6. I just really don't want to do anything school-related.

7. So I'm just gonna hate everyone instead.

8. This song's been stuck in my head for like the whole day

Saturday, January 14, 2012

Yuck, feelings.

I'm  home 'cause it was Friday a few hours ago. My mom fetched me which was okay 'cause I didn't have to ride the train. She even brought me baby back ribs from Kenny Roger's for dinner. Anyway, I'm just gonna make another list because all my thoughts are unrelated to each other.

1. I just realized that I missed my bed and my room in general. The mattress at my dorm is more comfortable but I dunno. Maybe it's the privacy but not really. I feel really at peace right now.

2. I woke up from a dream yesterday. I dreamt I was choking on candies which looked like little mothballs. I woke up after I coughed them out in my dream.

3. I had a decent conversation with one of my roommates. Yayy for my social skills. Even though she started the conversation.

4. Can you please not talk to me when I'm trying not to talk to you so I'll be able to perfectly contain (and hopefully eliminate) whatever feelings I have for you right now? Ugh. This is so hard. I hate feelings.

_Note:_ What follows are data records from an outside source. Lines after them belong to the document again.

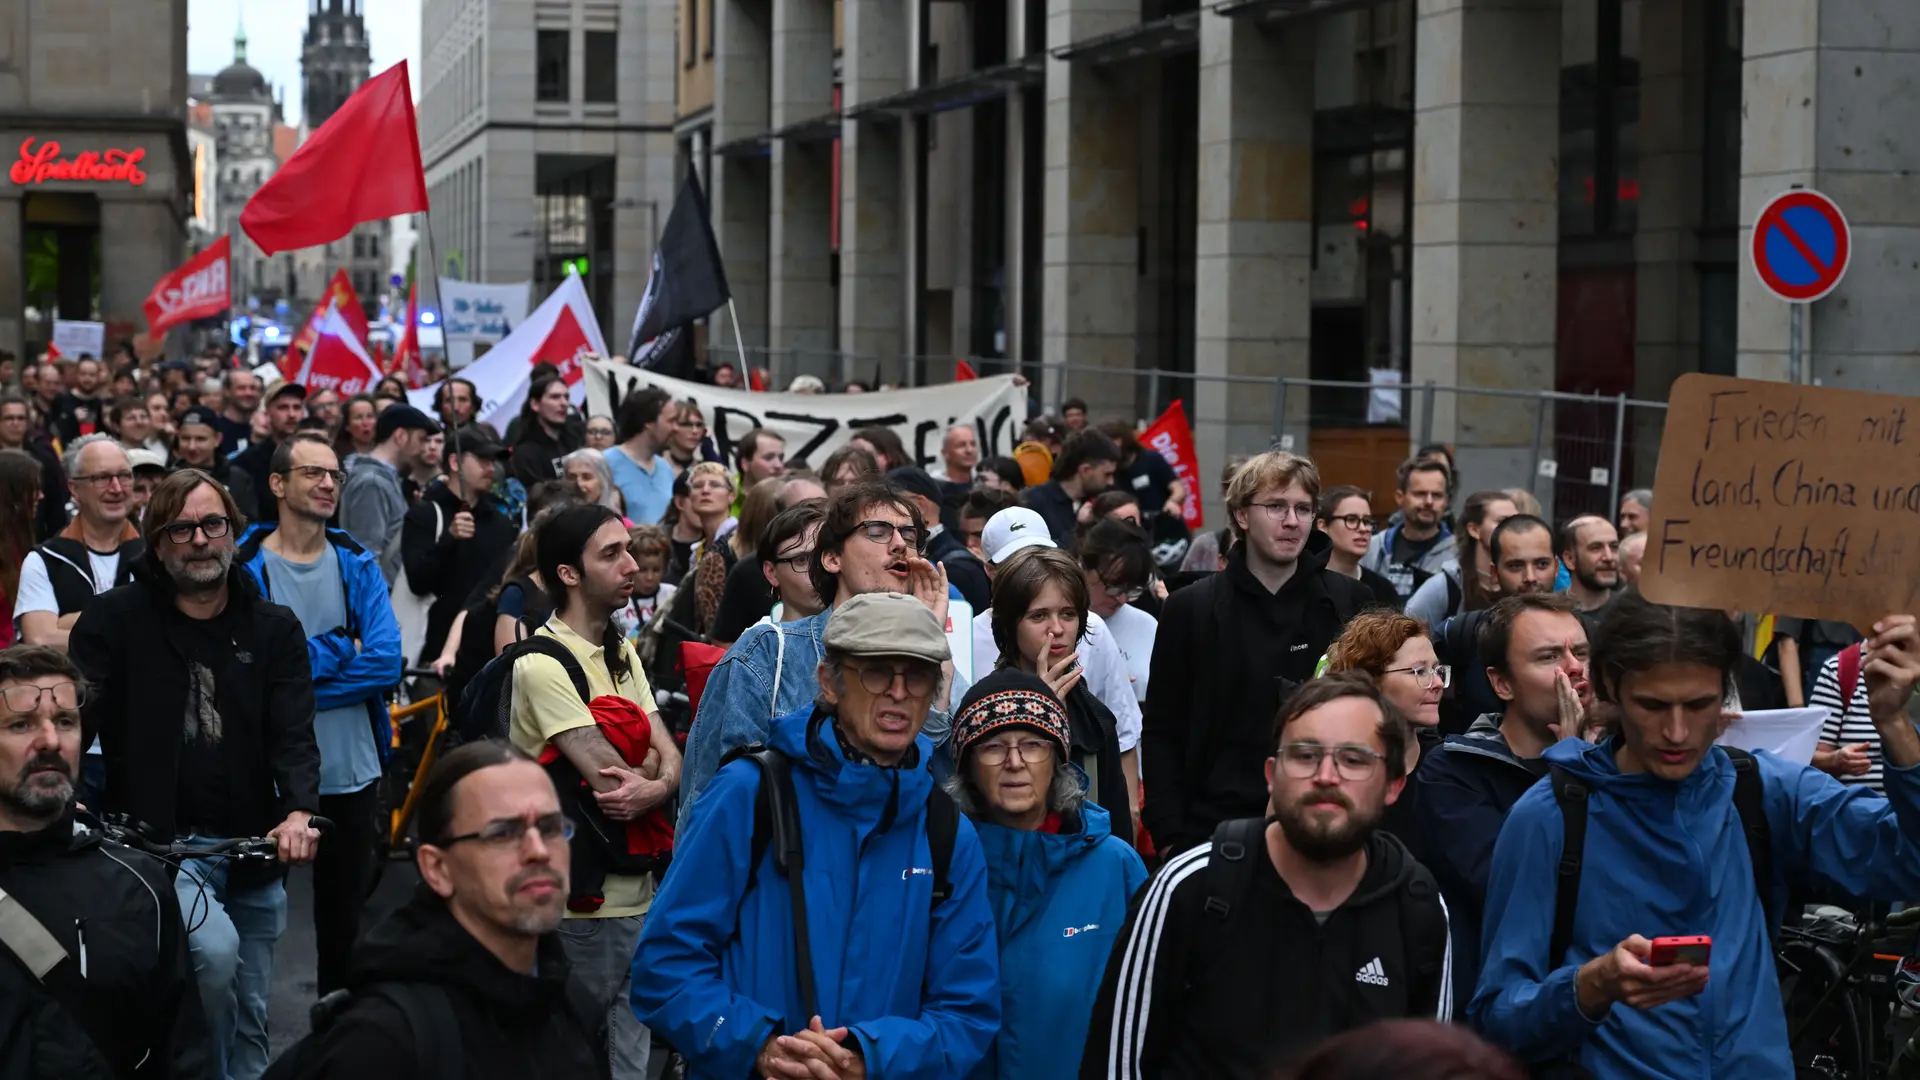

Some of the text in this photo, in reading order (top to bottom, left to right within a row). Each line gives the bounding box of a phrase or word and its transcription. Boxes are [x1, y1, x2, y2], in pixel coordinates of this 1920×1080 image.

[10, 136, 147, 184] Spielbank
[1704, 390, 1907, 451] Frieden mit
[1691, 457, 1761, 512] land,
[1773, 458, 1857, 508] China
[1659, 518, 1849, 586] Freundschaft
[1356, 972, 1389, 986] adidas

5. But I'm gonna snap out of that soon enough. So this goes out to the people I made a bet with. You're not gonna win. =)) Or not yet.:-j

6. I'm thinking of leaving my laptop at home when I go to the dorm next week because I have zero ounces of self-discipline.This is such a major distraction. I couldn't study properly when this thing is on and when I'm finally tired of the internet, I'm too tired to do anything else as well so I just end up sleeping. Maybe I'll uninstall Y!M. But I don't think I have the guts to do that either. 

7. I took this personality test because one of the people I follow on Twitter tweeted about it and I became curious. It's this Enneagram test. It classifies people into 9 different personality types. I'm type 5 wing 6. And even though it's not interesting, I'm gonna copy paste the description of my personality type 'cause this is my blog.

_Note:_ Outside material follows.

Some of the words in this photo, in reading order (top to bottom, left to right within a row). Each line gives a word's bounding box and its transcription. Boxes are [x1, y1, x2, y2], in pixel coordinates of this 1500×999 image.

Fives have anxiety about the outer world and about their capacity to cope with it. Thus, they cope with their fear by withdrawing from the world. Fives become secretive, isolated loners who use their minds to penetrate into the nature of the world. Fives hope that eventually, as they understand reality on their own terms, they will be able to rejoin the world and participate in it, but they never feel they know enough to participate with total confidence. Instead, they involve themselves with increasingly complex inner worlds.

I read a more detailed description of my personality type but I don't think anyone would read it so I just copy-pasted the short version. But the point is, I was reminded once again of my difficulty in expressing my feelings. And that I'm asocial 'cause I couldn't handle emotions properly. Well, whatever. If you're curious, you could take the test here.

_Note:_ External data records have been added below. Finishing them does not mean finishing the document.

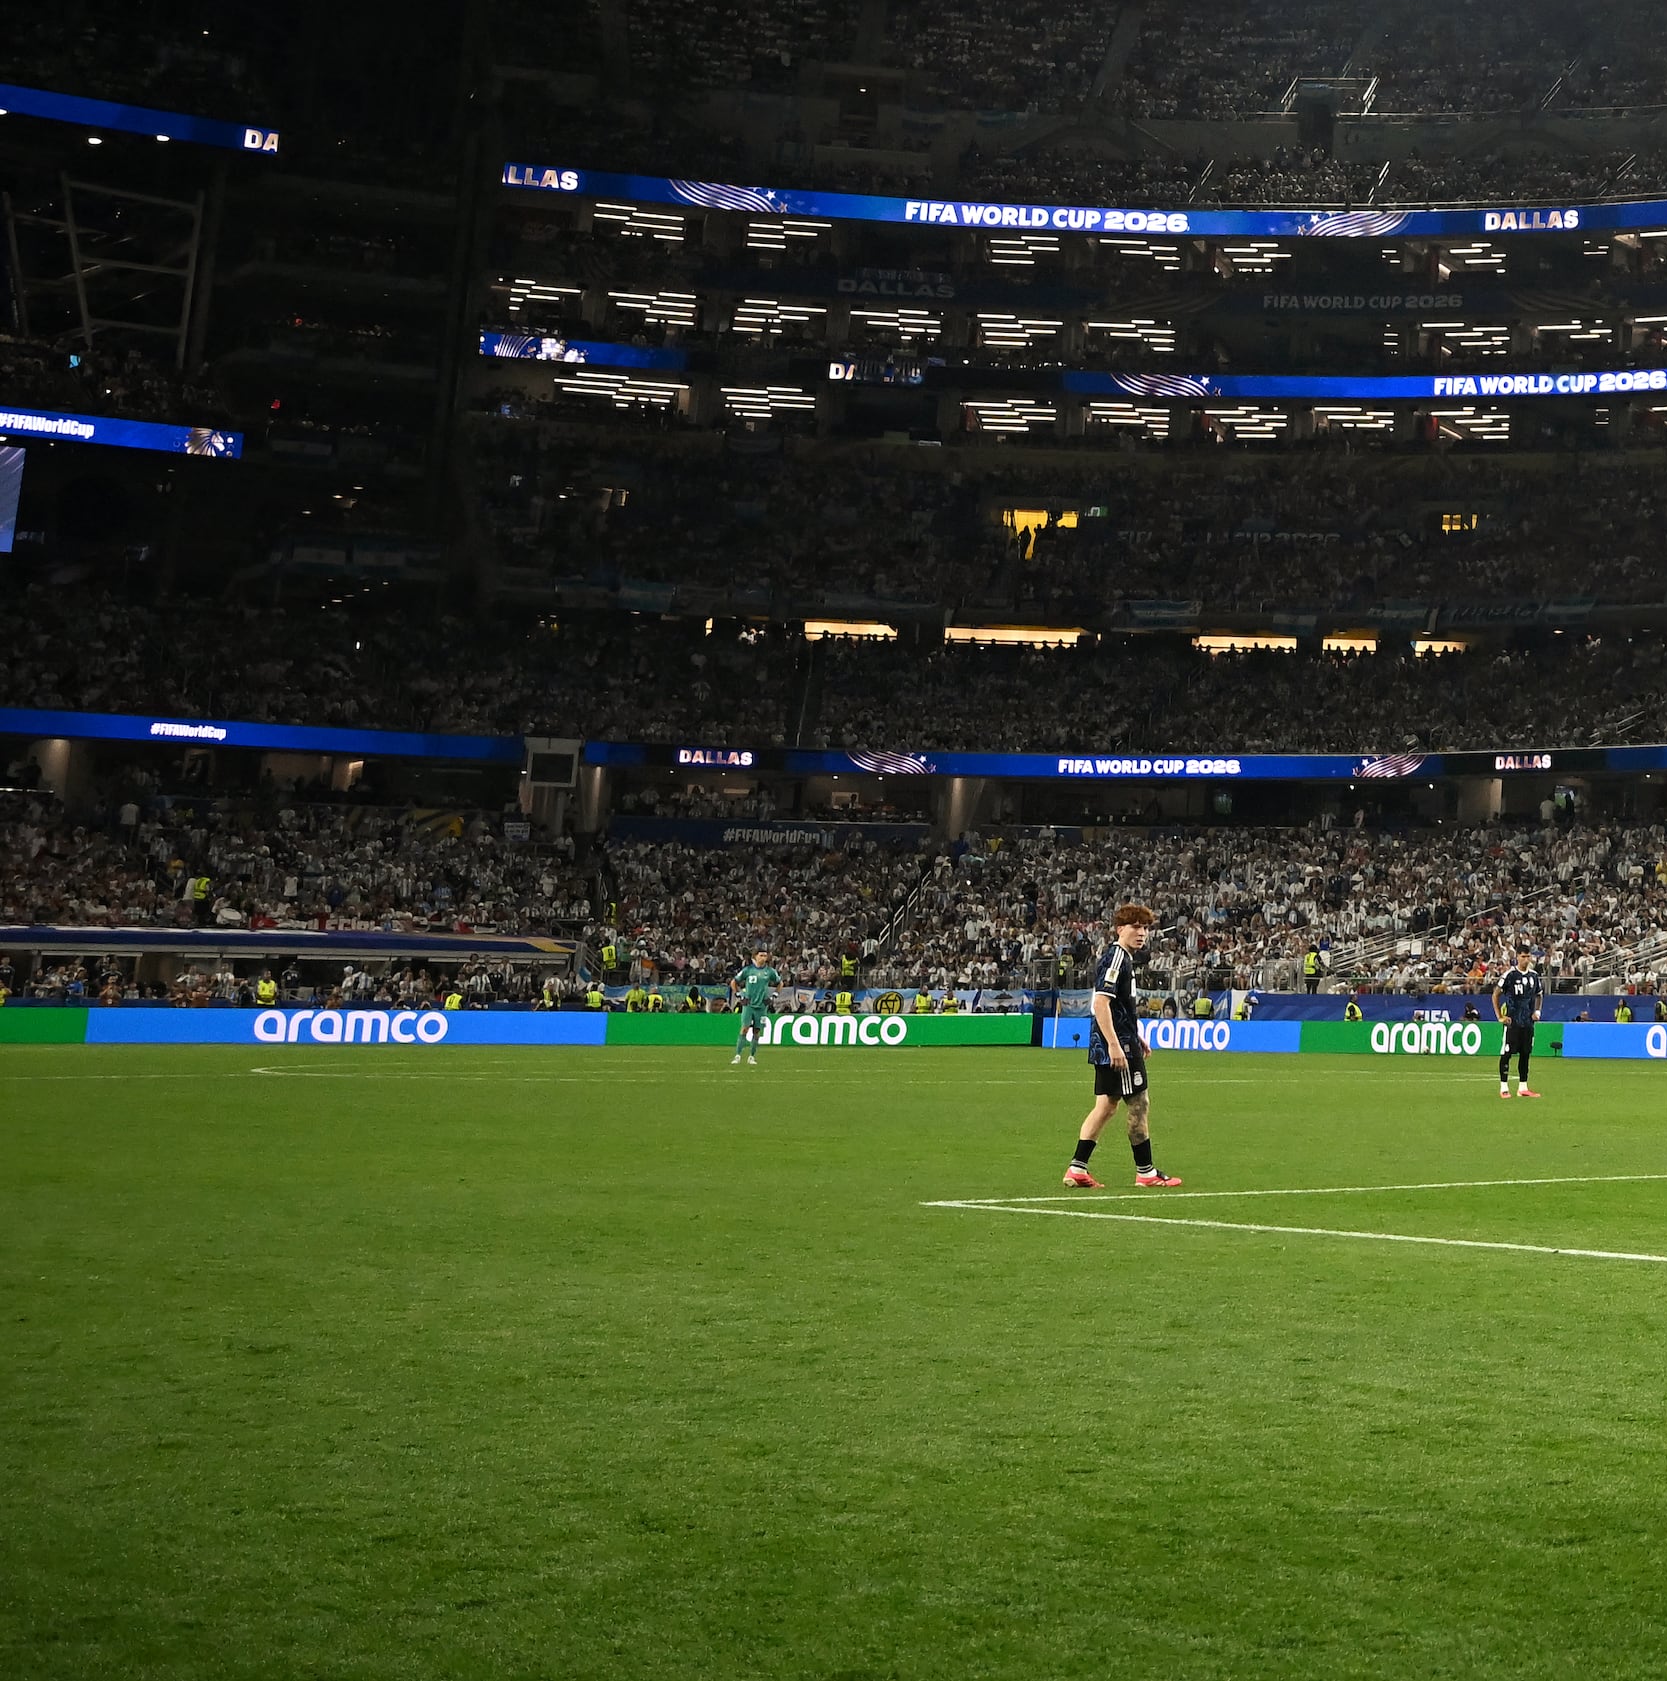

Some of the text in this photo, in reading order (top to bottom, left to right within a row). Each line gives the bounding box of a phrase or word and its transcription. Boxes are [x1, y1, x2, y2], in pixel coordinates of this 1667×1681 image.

[905, 201, 1187, 232] FIFA WORLD CUP 2026
[1484, 209, 1579, 231] DALLAS
[1263, 295, 1463, 310] FIFA WORLD CUP 2026
[1433, 371, 1667, 396] FIFA WORLD CUP 2026
[678, 749, 753, 766] DALLAS
[1058, 758, 1241, 774] FIFA WORLD CUP 2026
[1495, 754, 1552, 770] DALLAS
[1513, 982, 1525, 995] 14
[254, 1010, 448, 1043] aramco
[1371, 1022, 1481, 1055] aramco

8. THIS SONG! (is cheesy but I like it)

And wrists that touch, it isn't much but it's enough.

Friday, January 13, 2012

So

Since when did my phone start becoming a distraction?

Fuck.

This is not good. :|

Thursday, January 12, 2012

Today was...

Okay. I guess. Even though I wasn't able to attend Hum class because I slept at 3 in the morning. I was also late for Comm so whatever. I'm gonna study for the BioLec quiz in a few minutes and once again, I'm too lazy to write well-developed and cohesive paragraphs so I'm just gonna make another list.

1. Ugh. I will never sleep in BioLec class again. God, I don't know a shit about the skeletal system and I should start panicking 'cause there's a homework due and a quiz tomorrow.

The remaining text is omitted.